2. Connect to the lab systems as detailed in lab 0 and open a Terminal session in the BackTrack/Kali 5 VM and launch the Win 2000 Server VM(remote DL students only)
3. Launch the Backtrack 5/Kali VM and the Windows 2000 VM for the first part of the lab (in-class and local DL students using the CDM labs on 6th floor). We will power down the BackTrack 5VM in section 5 when we get into the Windows-specific tools section.
4. fping
1. Type man fping and press enter. If you recall from lab 1, the man command is used to display a manual page for any given application. Keep this in mind as you bounce between different tools; you can always return back to the man page for specific options or flags. Press q to return to the terminal prompt
IMPORTANT: for the following commands, make sure you replace the names of virtual machines with the actual IP address from the table above. For example, if you have a reservation for Hacking VM#1, your command in step 2 below would be fping 10.0.0.14 (remote DL students only). For in-class and local DL student you should use the table above for the CDM lab systems.
2. Type fping Win2000 Server and press enter. The result is rather anti-climatic and you may be wondering "how is this any different than ping?"
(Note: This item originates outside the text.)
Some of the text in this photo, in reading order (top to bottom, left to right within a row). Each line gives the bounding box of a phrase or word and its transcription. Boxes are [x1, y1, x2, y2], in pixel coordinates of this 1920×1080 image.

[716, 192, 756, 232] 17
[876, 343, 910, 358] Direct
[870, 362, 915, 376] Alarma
3. Type fping -C 5 -q Win2000 Server and press enter. The output shows the target IP address followed by the time in milliseconds for each of the 5 packets that were sent. fping's output is clean which makes it a great tool when scripting
4. Q1. Using the options from the man page, how would you ping sweep the 10.0.0.0/24 range using 5 second intervals between packets.
5. Using your answer from Q1 above, ping sweep the 10.0.0.0/24 range. Q2. Include a screenshot of your output in your submission.
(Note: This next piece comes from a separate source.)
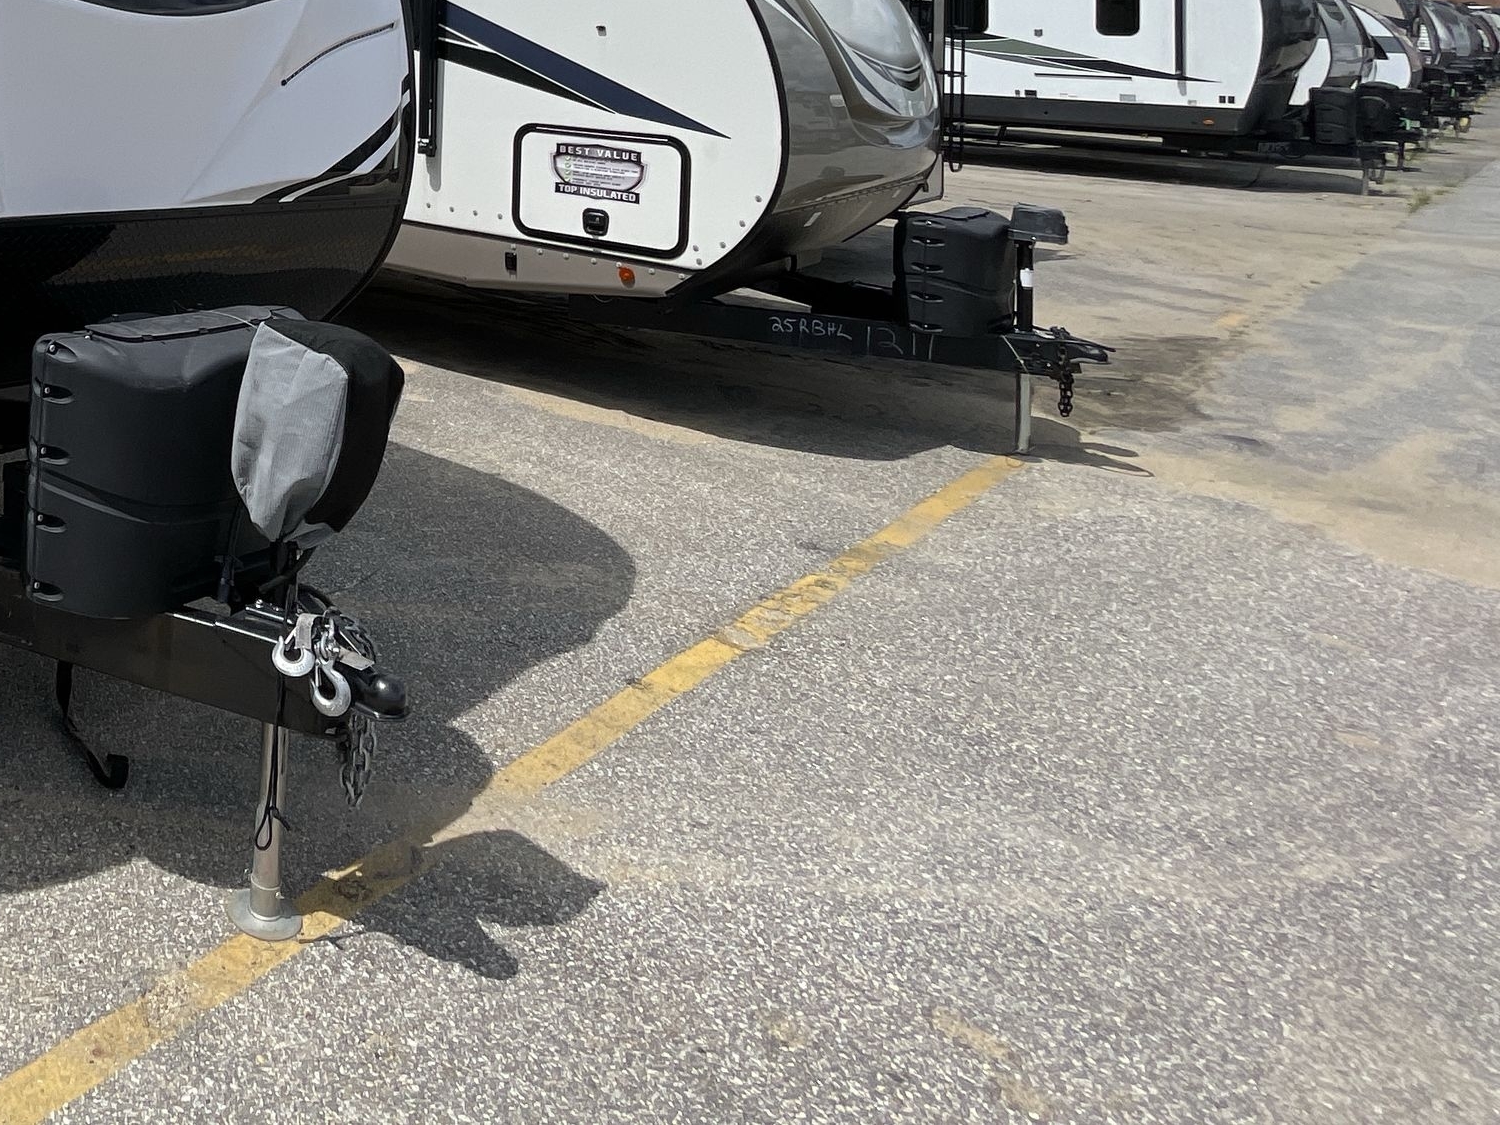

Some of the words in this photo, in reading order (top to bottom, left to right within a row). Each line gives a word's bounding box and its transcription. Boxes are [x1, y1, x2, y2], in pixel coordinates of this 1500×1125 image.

6. Q3. What systems show as being live? Is it possible to run this same sweep using the built-in "ping" command on your BackTrack 5 VM?
5. hping2
1. Type man hping2 (replace hping 2 with hping 3 if you're using Kali 1.1 or 2) and press enter. Hping2 builds upon the options in fping and gives us even more flexibility when scanning. Most importantly, gives us the option of using TCP, UDP, ICMP or RAW-IP. Press q to return to the terminal prompt
2. Q4. Using the man page, what would you enter to ICMP ping the Windows 200 Server VM? Run this command and include a screenshot of your output in your submission.
3. Type hping2 -S Win2000 Server and press enter. Q5. What is the difference between the option you used in Q4 above and the -S switch? Use Wireshark to examine the difference between the types, include a screenshot of Wireshark in your submission.
4. Q6. How would we do the same as above, but use UDP instead? Run the command and include a screenshot of both the output and Wireshark in your submission.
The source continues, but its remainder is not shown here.